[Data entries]
------------------------------------
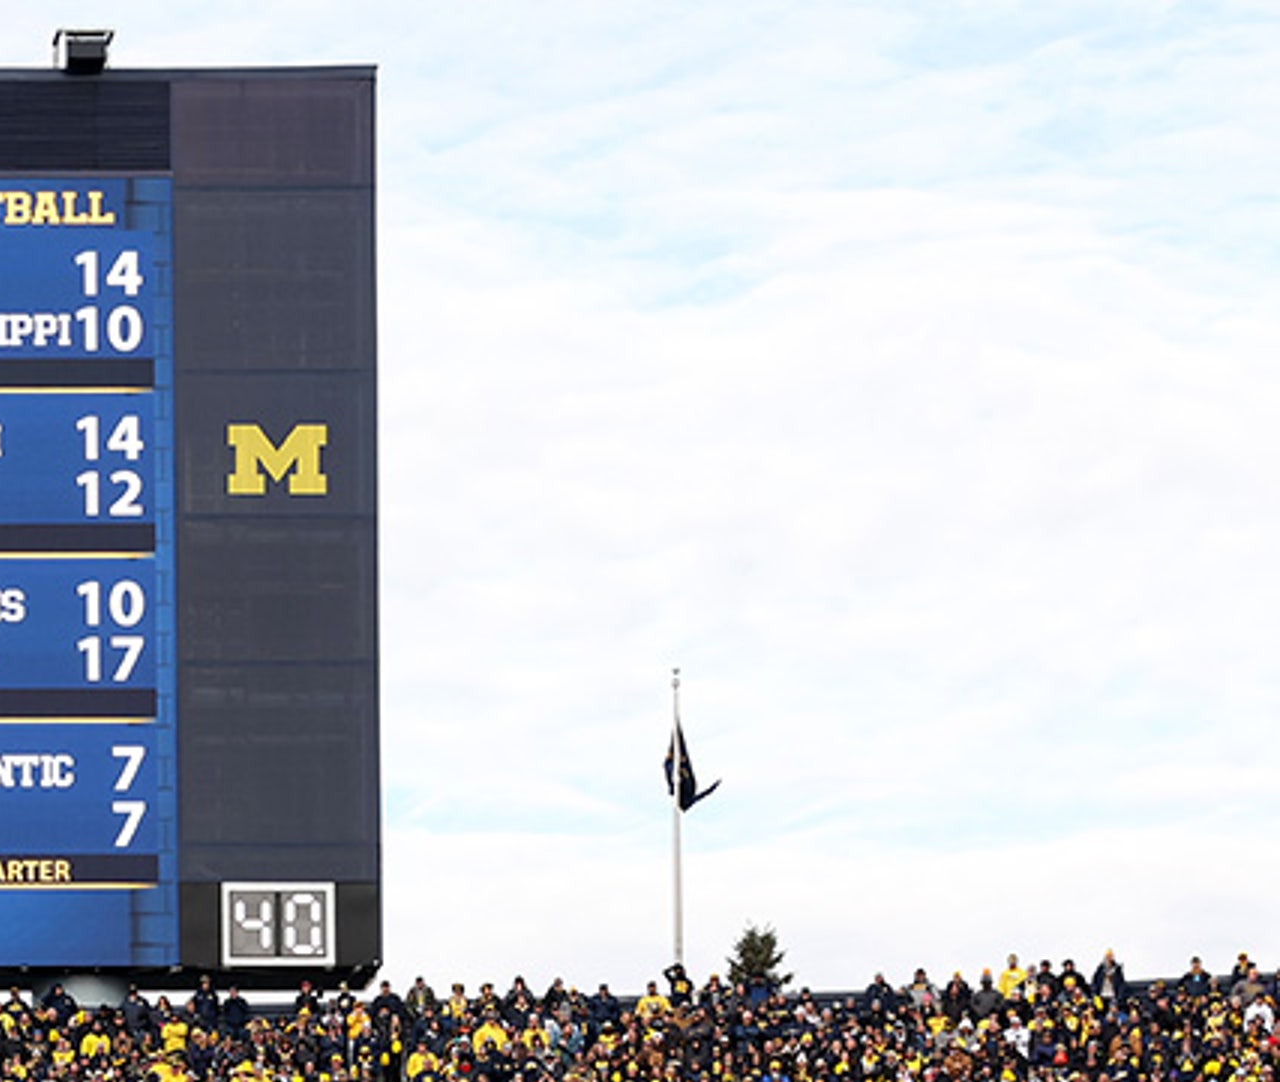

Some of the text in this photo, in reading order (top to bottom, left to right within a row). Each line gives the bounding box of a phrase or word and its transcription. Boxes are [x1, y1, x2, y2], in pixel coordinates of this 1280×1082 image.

[74, 250, 143, 296] 14
[75, 305, 143, 352] 10
[76, 414, 144, 461] 14
[227, 424, 328, 495] M
[76, 470, 144, 517] 12
[76, 581, 145, 627] 10
[76, 635, 145, 682] 17
[111, 745, 146, 792] 7
[111, 801, 146, 847] 7
[234, 893, 322, 955] 40
------------------------------------
About this exercise
Please hand back every entry above exactly, with no images in the copy.

Solution to this exercise
Some of the text in this photo, in reading order (top to bottom, left to right within a row). Each line gives the bounding box of a phrase or word and its transcription. Boxes are [x1, y1, x2, y2], in pixel coordinates of this 1280×1082 image.

[74, 250, 143, 296] 14
[75, 305, 143, 352] 10
[76, 414, 144, 461] 14
[227, 424, 328, 495] M
[76, 470, 144, 517] 12
[76, 581, 145, 627] 10
[76, 635, 145, 682] 17
[111, 745, 146, 792] 7
[111, 801, 146, 847] 7
[234, 893, 322, 955] 40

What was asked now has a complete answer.